The Fate of Stalinist Victims in Moldavia after 1953: Amnesty, Pardon and the Long Road to Rehabilitation
The fate of the victims of political repression and mass terror under Stalin (and Lenin) is an under-researched topic in Moldovan and post-Soviet historiography. The theme is important not only per se in that it focuses on the fate of millions of citizens who, in their vast majority, had committed no criminal acts and broken no laws. In the larger context, it is about the very nature of the communist regime, the way it tried to reform itself after Stalin’s death and to empower, to a certain degree, those previously criminalised and marginalised categories of the population who had been persecuted on ideological grounds. The subject is also connected to the broader issue of the limits of de-Stalinisation — to what extent did post-1953 Soviet rule mark a rupture with the Stalin years?1 This chapter is structured thematically rather than chronologically.

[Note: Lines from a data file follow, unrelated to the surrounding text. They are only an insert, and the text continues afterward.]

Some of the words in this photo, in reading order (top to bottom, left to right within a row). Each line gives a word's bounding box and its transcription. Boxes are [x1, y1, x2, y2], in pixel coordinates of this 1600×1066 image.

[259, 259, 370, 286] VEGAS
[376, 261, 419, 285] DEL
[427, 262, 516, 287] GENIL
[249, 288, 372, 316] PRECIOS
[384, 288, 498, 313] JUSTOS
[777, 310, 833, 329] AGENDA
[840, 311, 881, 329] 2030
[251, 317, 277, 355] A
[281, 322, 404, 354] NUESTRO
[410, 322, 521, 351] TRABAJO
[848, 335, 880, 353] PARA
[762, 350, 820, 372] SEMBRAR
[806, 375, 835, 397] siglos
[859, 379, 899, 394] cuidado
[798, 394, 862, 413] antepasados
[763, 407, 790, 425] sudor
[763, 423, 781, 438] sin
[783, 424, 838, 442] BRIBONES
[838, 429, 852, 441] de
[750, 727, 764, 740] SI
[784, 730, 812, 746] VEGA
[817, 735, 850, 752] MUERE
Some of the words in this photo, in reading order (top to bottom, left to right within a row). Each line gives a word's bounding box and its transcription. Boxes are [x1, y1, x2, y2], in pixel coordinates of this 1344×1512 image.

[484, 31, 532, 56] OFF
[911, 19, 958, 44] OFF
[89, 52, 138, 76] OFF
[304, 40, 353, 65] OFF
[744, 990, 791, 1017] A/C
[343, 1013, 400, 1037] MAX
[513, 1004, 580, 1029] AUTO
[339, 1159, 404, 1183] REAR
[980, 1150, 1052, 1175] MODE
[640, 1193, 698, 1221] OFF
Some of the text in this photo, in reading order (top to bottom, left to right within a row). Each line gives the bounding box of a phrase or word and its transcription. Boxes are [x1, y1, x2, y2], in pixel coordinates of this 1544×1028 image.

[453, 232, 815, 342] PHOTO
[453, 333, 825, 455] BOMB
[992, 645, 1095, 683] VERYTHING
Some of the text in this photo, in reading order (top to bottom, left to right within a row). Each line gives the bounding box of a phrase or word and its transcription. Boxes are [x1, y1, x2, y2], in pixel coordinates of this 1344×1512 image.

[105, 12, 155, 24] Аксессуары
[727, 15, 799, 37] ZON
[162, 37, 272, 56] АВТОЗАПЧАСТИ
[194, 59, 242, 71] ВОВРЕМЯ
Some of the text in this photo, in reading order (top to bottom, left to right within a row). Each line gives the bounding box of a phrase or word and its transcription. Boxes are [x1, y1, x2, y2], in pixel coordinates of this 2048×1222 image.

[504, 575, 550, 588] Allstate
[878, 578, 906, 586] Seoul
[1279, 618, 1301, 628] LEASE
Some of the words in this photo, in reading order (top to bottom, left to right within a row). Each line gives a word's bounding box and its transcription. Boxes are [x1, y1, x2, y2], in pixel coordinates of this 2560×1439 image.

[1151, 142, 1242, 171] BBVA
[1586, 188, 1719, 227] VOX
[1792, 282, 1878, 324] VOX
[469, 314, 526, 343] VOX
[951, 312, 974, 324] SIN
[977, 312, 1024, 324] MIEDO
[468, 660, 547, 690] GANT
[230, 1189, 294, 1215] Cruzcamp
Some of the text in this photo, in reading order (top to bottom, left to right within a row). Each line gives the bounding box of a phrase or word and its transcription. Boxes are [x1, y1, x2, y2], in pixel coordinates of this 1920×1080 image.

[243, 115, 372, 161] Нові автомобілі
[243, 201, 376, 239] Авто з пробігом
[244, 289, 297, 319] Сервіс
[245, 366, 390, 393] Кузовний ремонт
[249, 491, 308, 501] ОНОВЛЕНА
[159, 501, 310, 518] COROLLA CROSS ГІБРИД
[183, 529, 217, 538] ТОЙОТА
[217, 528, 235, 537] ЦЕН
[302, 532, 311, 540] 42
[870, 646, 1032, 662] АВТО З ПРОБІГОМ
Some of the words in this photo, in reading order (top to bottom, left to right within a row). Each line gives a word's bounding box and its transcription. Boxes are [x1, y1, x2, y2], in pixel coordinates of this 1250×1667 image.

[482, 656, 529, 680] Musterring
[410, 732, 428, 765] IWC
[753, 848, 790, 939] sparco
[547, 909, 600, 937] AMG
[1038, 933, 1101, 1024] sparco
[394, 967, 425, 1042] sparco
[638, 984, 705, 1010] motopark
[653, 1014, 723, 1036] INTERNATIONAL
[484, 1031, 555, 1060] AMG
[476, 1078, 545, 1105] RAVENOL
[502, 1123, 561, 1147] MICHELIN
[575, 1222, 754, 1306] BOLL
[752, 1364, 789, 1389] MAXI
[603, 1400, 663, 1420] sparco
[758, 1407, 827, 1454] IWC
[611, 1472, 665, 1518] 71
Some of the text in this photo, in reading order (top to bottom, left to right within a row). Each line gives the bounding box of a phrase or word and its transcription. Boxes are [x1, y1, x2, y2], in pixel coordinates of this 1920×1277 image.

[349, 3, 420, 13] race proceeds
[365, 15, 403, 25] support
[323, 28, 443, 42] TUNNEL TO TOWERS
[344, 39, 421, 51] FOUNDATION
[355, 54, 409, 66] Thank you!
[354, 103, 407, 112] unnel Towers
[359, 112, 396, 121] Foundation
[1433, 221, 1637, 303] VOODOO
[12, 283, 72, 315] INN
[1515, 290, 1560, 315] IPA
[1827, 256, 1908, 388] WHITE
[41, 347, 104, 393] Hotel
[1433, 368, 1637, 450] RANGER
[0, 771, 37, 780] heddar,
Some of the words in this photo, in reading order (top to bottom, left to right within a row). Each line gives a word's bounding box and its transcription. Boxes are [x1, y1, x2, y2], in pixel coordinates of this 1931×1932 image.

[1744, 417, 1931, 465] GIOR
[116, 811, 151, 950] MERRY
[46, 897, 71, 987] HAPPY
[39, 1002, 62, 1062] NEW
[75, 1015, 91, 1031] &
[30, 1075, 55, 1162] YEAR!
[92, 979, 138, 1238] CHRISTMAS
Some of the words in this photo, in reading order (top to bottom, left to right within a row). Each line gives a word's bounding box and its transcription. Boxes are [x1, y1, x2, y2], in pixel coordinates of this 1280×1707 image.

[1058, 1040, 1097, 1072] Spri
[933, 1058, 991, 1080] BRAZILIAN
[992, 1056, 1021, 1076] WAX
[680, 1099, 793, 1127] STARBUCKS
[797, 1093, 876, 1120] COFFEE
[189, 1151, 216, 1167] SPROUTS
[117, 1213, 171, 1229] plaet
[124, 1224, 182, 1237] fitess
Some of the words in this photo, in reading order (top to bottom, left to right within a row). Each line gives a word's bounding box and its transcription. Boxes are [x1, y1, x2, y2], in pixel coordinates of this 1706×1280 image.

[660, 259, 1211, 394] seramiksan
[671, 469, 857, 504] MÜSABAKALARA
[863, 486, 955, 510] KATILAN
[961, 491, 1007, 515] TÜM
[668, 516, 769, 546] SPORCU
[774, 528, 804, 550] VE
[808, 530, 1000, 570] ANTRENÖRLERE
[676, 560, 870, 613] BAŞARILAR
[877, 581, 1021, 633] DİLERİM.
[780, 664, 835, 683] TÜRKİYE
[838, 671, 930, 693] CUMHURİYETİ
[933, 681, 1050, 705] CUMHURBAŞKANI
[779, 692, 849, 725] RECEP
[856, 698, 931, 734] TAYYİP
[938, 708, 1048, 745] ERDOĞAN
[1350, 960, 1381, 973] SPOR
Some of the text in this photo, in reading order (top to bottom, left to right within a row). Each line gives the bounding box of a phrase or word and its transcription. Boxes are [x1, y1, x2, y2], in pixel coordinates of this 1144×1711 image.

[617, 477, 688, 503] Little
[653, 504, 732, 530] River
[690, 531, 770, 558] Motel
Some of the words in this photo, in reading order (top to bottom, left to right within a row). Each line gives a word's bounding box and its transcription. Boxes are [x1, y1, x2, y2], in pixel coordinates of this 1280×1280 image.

In the first part, I examine the rehabilitation of party, state and secret police officials who had fallen victim to the regime in various periods of Soviet history. The second part concentrates on the victims of mass terror, mainly related to the three deportations from the Moldavian Soviet Socialist Republic (MSSR) in mid-June 1941, early July 1949 and early April 1951. In the third part, I assess the amnesty or rehabilitation of individuals condemned in the late 1940s for collaborating with the occupying German and Romanian war administrations, including war criminals involved in the mass killing of the local population, notably Jews during the Holocaust.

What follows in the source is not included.